Figure 7-2. Leading-Edge Range Tracker
c. The width of the tracking gate is an important radar design consideration.
The range gate should be sufficiently narrow to effectively isolate the target from other returns at different ranges. It should be wide enough to allow sufficient energy from the target echo to be displayed. The width of the range tracking gate is normally equal to the pulse width of the radar.
d. Nearly all range tracking gates employ some form of automatic gain control (AGC). AGC is designed to limit target clutter and glint. It is also designed to avoid excessive false alarms.
3. CONICAL SCAN
A conical scan tracking system is a special form of sequential lobing. Sequential lobing implies that the radar antenna beam is sequentially moved between beam positions around the target to develop angle-error data. For a conical scan radar to generate azimuth and elevation tracking data, the beam must be switched between at least four beam positions as shown in Figure 7-3.
Figure 7-3. Conical Scan Positions
a. One of the simplest conical scan antennas is a parabola with an offset rear feed that rotates, or nutates, to maintain the plane of signal polarization. The radar beam is rotated at a fixed frequency around the target. The angle between the axis of rotation (normally the axis of the antenna) and the axis of the antenna beam is called the squint angle.
b. A conical scan radar first tracks the target aircraft in range.

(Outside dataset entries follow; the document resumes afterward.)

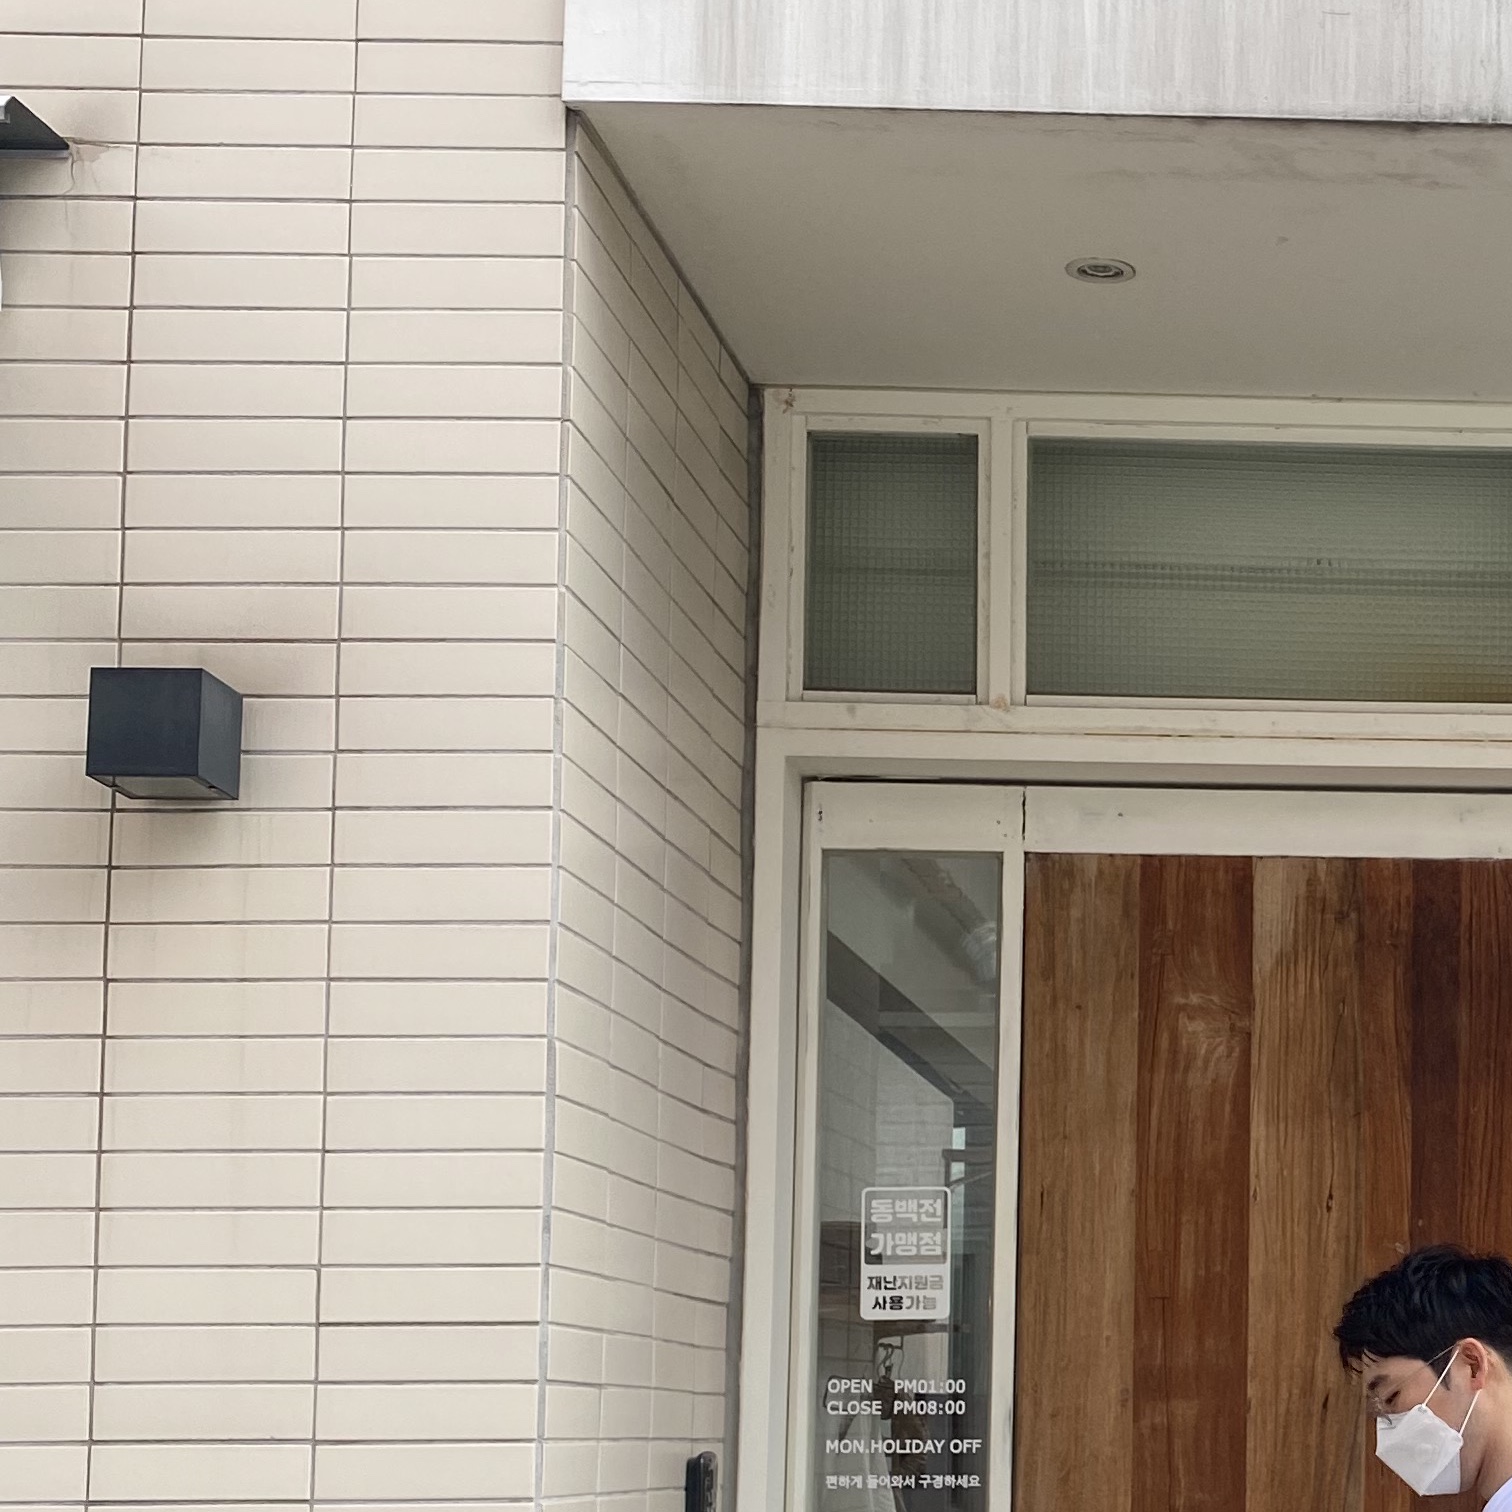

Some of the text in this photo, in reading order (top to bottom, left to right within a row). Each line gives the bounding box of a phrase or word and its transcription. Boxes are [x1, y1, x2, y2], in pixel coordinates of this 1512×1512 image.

[870, 1199, 942, 1223] 동백전
[870, 1231, 942, 1256] 가맹점
[866, 1275, 944, 1291] 재난지원금
[871, 1295, 937, 1310] 사용가능
[827, 1379, 966, 1394] OPEN PM01:00
[826, 1400, 966, 1415] CLOSE PM08:00
[825, 1439, 983, 1454] MON.HOLIDAY OFF
[825, 1475, 981, 1489] 편하게 들어와서 구경하세요

For azimuth and elevation tracking, the target return is modulated at a frequency equal to the rotation frequency of the radar beam. This results in a target signal output that resembles a sine wave (Figure 7-4). The azimuth and elevation tracking loops
drive servo motors to position the antenna to keep the energy level in each of the four positions equal. The amount of the modulated signal determines how far the target is off the antenna boresight while the phase of the modulation (positive or negative) determines the direction.
Figure 7-4. Conical Scan Modulation
c. In Figure 7-5, most of the target energy is in position 1, with a small amount of energy in position 4. The output from the elevation tracking loop is positive and drives the antenna servos upward. The output from the azimuth tracking loop moves the antenna to the right.
Figure 7-5. Conical Scan Tracking Errors
d. Once a balance of target energy in each scan position is achieved, the target is in the central tracking area (Figure 7-6). The azimuth and elevation tracking circuits continue to drive the antenna servos to maintain this energy balance which keeps the radar beam on the target.
Figure 7-6. Conical Scan Tracking
e. The primary advantage of a conical scan radar is the small beamwidth which provides extremely accurate target tracking information. The primary disadvantages of conical scan include the following: (1) the narrow beamwidth makes target acquisition a problem. Even using a Palmer-helical scan, it may take considerable time to find and initiate track on a target; (2) conical scan radars are vulnerable to inverse gain modulation jamming based on the scanning frequency of the rotating beam; (3) a conical scan radar must analyze many radar return pulses to generate a tracking solution.